Here Be Not Just Dragons: Stu Horvath's Favourite Tabletop RPGs | Page 4 of 14 | The Quietus

Baker's Dozen

Artists discuss the 13 records that shaped their lives

3. Delta Green (1997)

You’d think one game about cosmic horrors beyond human comprehension would be enough in a list of 13 RPGs, but nope! Delta Green is too good to overlook.

The basic premise builds on the epilogue to Lovecraft’s The Shadow Over Innsmouth, in which the narrator narcs out the monster fish people who live there to the feds, who then depth-charge the deep-sea trench city. The original Delta Green sourcebook, produced by Pagan Publishing under license for Call Of Cthulhu, is concerned with extrapolating out a fictional world where, since 1927, the military and intelligence agencies of various governments are aware of and move (mostly) in opposition to supernatural forces. Delta Green is the covert department (and sometimes illegal conspiracy) that feeds woefully unprepared American soldiers and law enforcement agents into cosmic breaches in order to keep them closed, and out of public knowledge. The secret history presented by the original sourcebook, and expanded by the standalone RPG (2017) and its many supplements, is infectious and makes The X-Files look simplistic in comparison – the fungi from Yuggoth are manipulating the U.S. government disguised as grey aliens, math equations can kill, and the alternate reality of The King In Yellow waits just around the corner for anyone foolish enough to believe in it.

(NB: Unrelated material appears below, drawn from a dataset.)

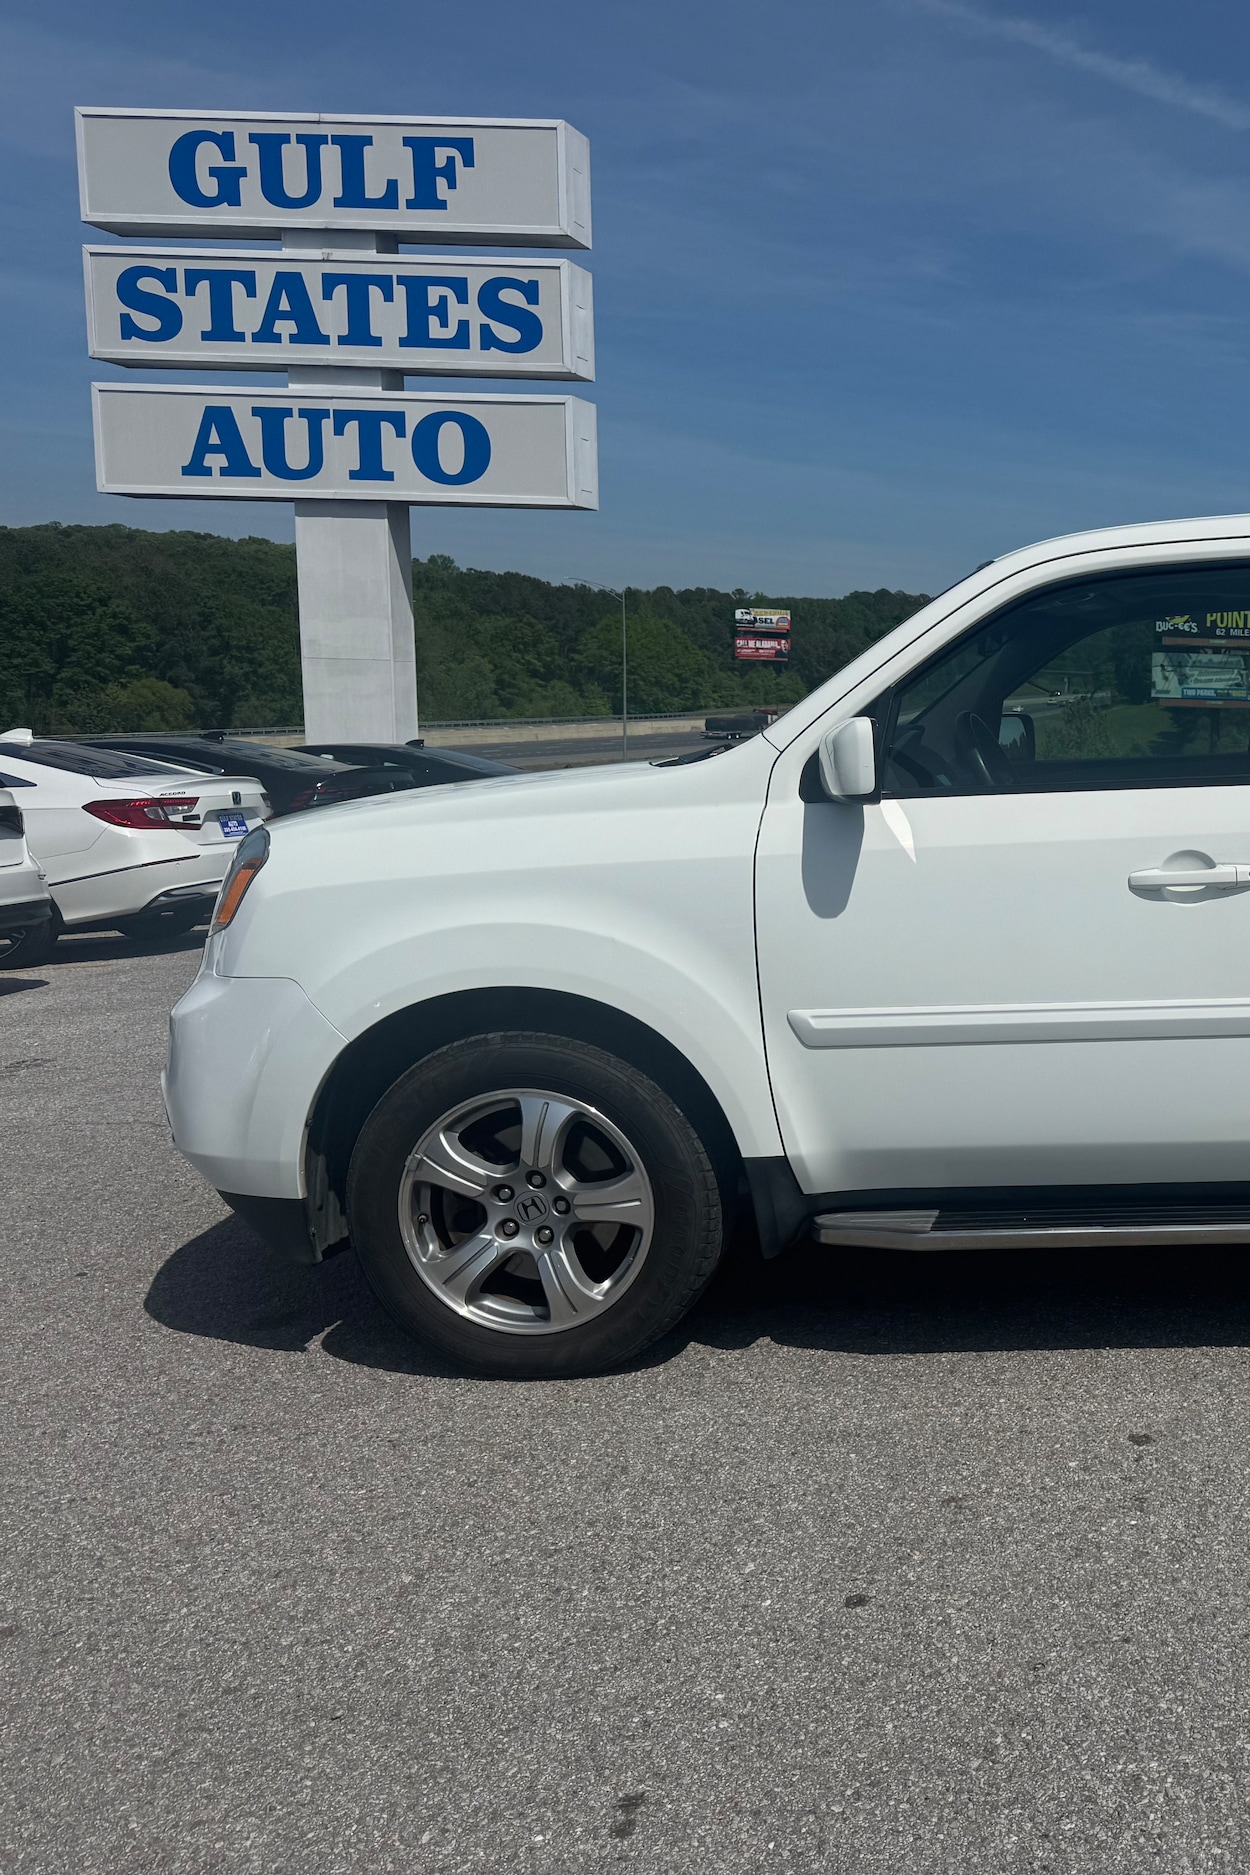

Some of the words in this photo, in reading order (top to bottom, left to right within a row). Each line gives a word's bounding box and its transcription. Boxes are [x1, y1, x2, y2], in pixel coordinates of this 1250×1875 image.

[168, 130, 475, 211] GULF
[116, 265, 544, 354] STATES
[181, 405, 492, 486] AUTO
[1216, 628, 1226, 636] 62

I’ve devoured every single Delta Green book I have gotten my hands on, and drop everything to read new ones as they come out. Even with their mechanics and deconstructed plots (essential for running them at a table full of friends), they hold their own as effective horror stories, weaving modern anxieties, the fallout from trauma and good old-fashioned monsters into compelling narratives, time and time again.